(DATA PROVIDED Opens)

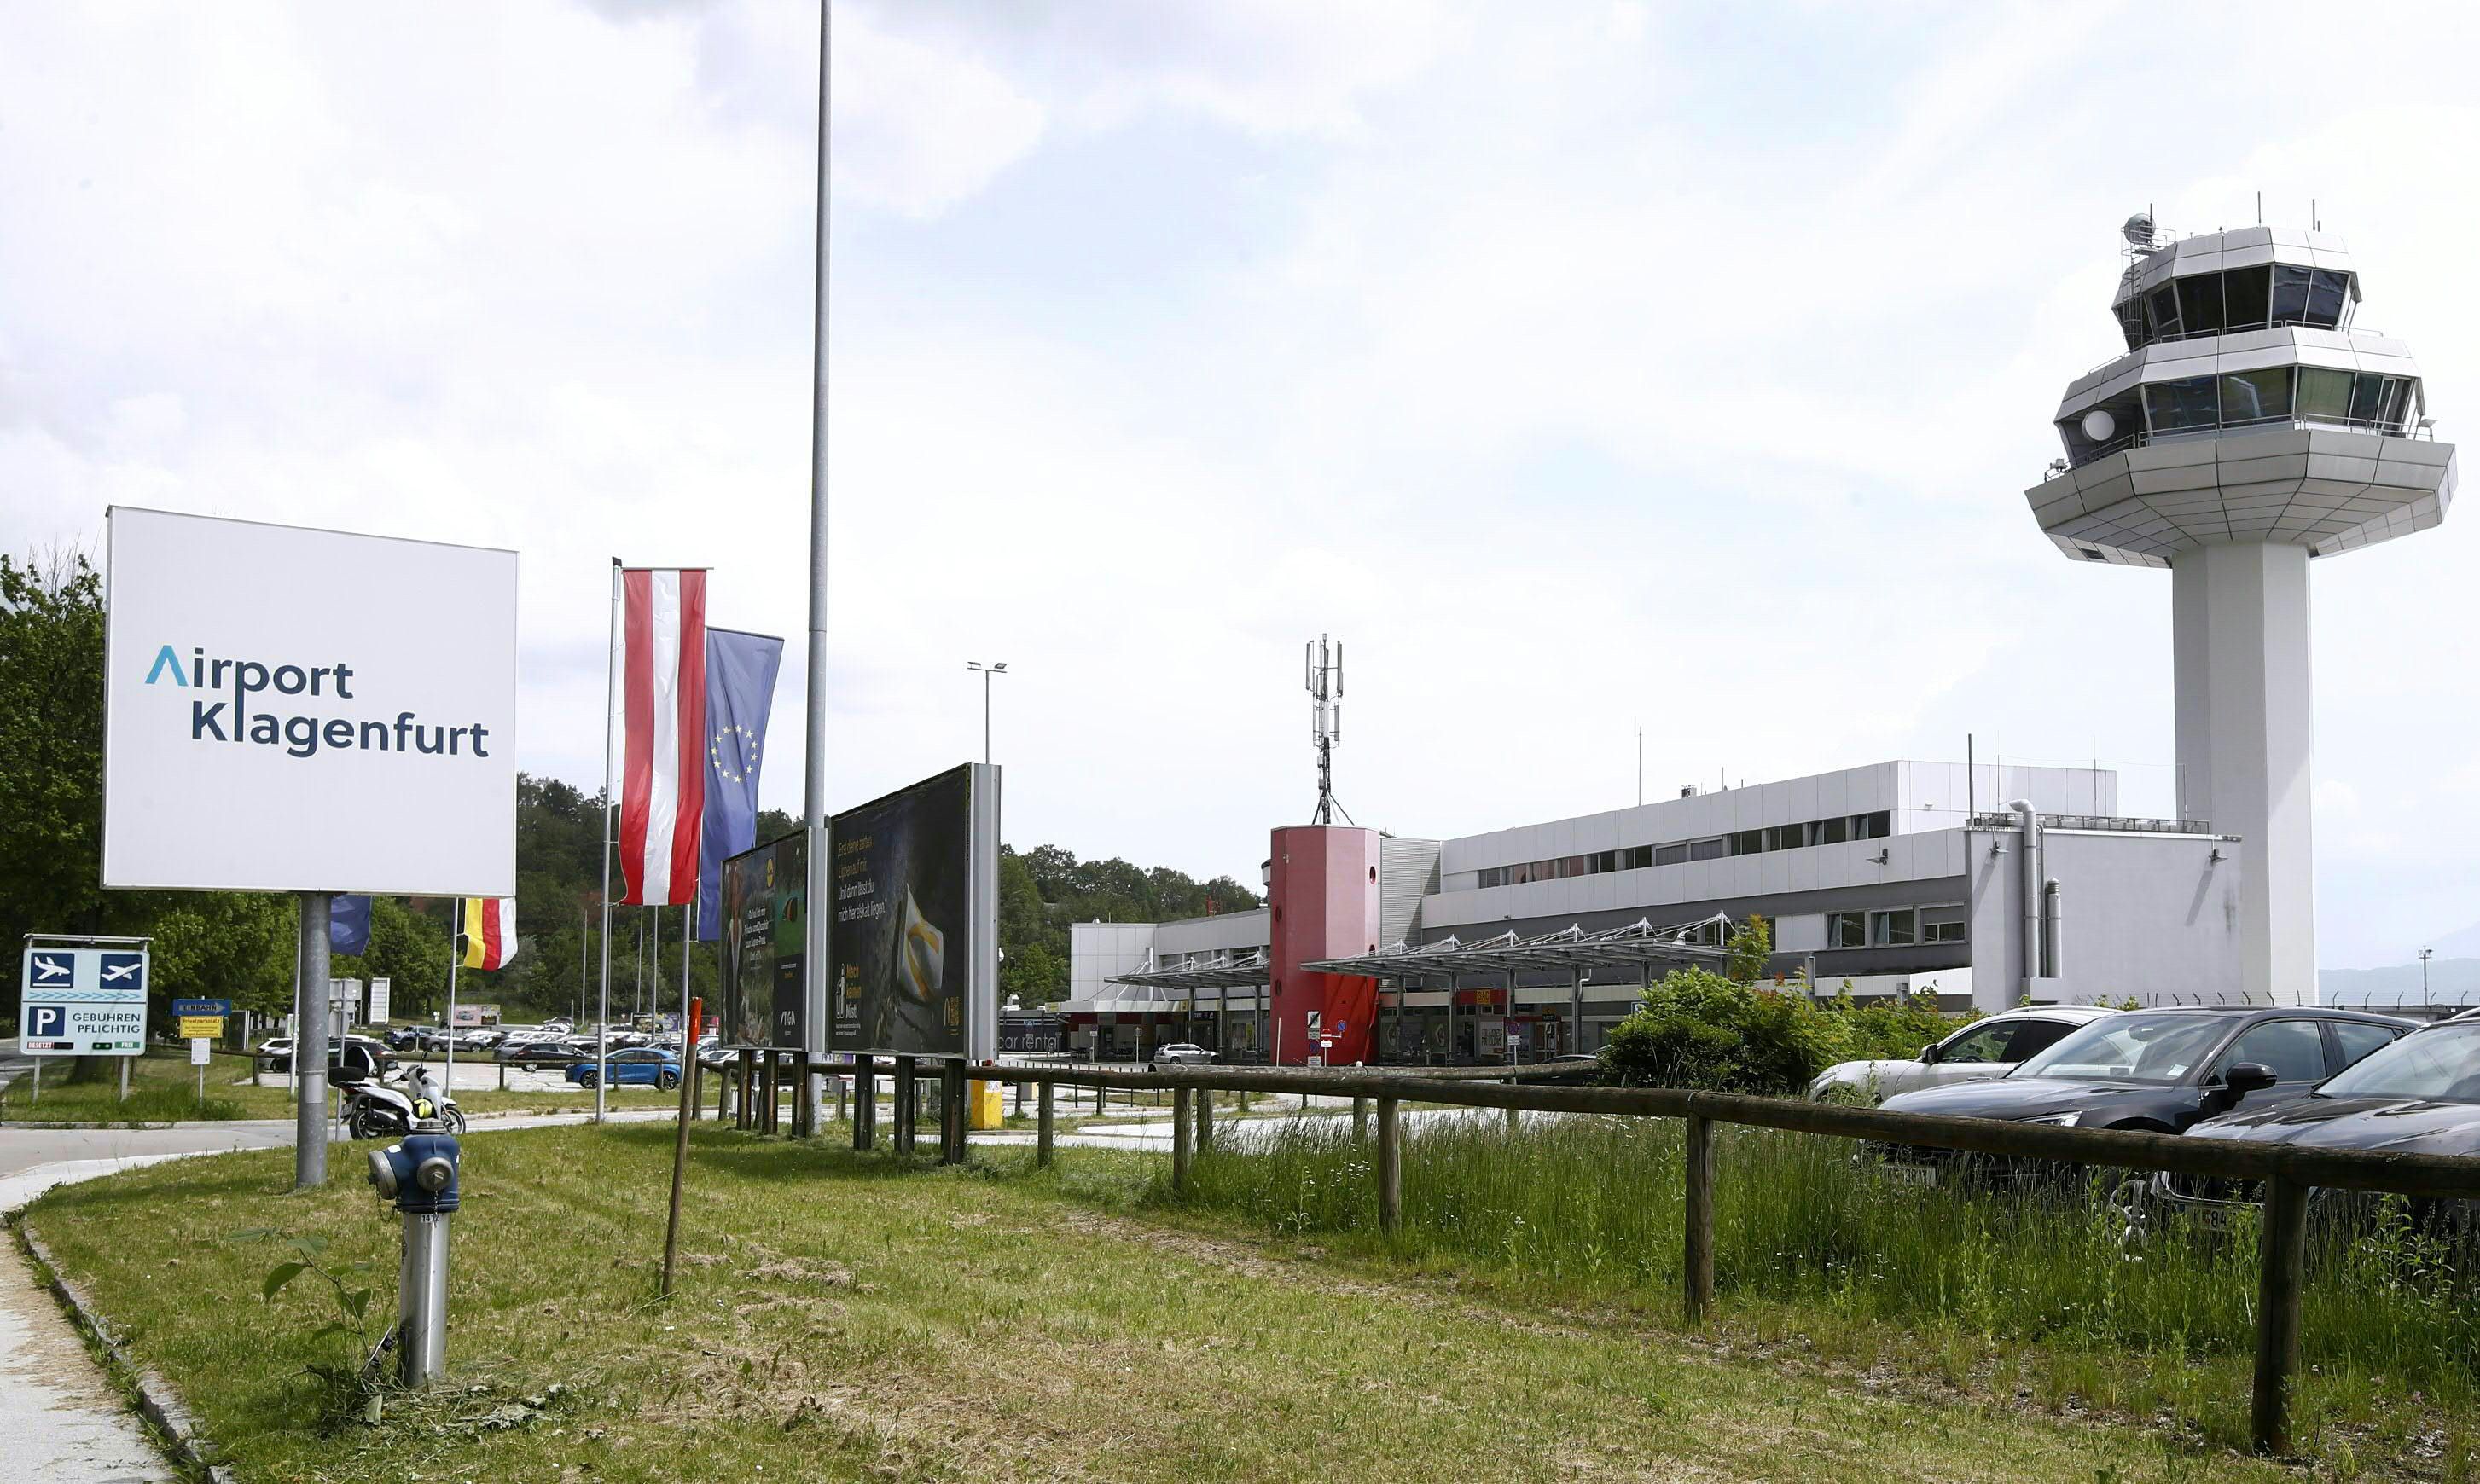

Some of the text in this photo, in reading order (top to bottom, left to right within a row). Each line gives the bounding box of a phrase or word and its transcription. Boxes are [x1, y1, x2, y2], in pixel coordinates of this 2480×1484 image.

[144, 645, 354, 742] Airport
[192, 700, 489, 757] Klagenfurt
[37, 1008, 57, 1035] P
[73, 1012, 141, 1022] GEBÜHREN
[78, 1024, 141, 1034] PFLICHTIG
[998, 1032, 1060, 1050] car renta

(DATA PROVIDED Closes)

> _PROBLEM_: Each entry is to be returned precisely as it appears, but the pictures are to be dropped.

> _WRITTEN REPLY_:
Some of the text in this photo, in reading order (top to bottom, left to right within a row). Each line gives the bounding box of a phrase or word and its transcription. Boxes are [x1, y1, x2, y2], in pixel coordinates of this 2480×1484 image.

[144, 645, 354, 742] Airport
[192, 700, 489, 757] Klagenfurt
[37, 1008, 57, 1035] P
[73, 1012, 141, 1022] GEBÜHREN
[78, 1024, 141, 1034] PFLICHTIG
[998, 1032, 1060, 1050] car renta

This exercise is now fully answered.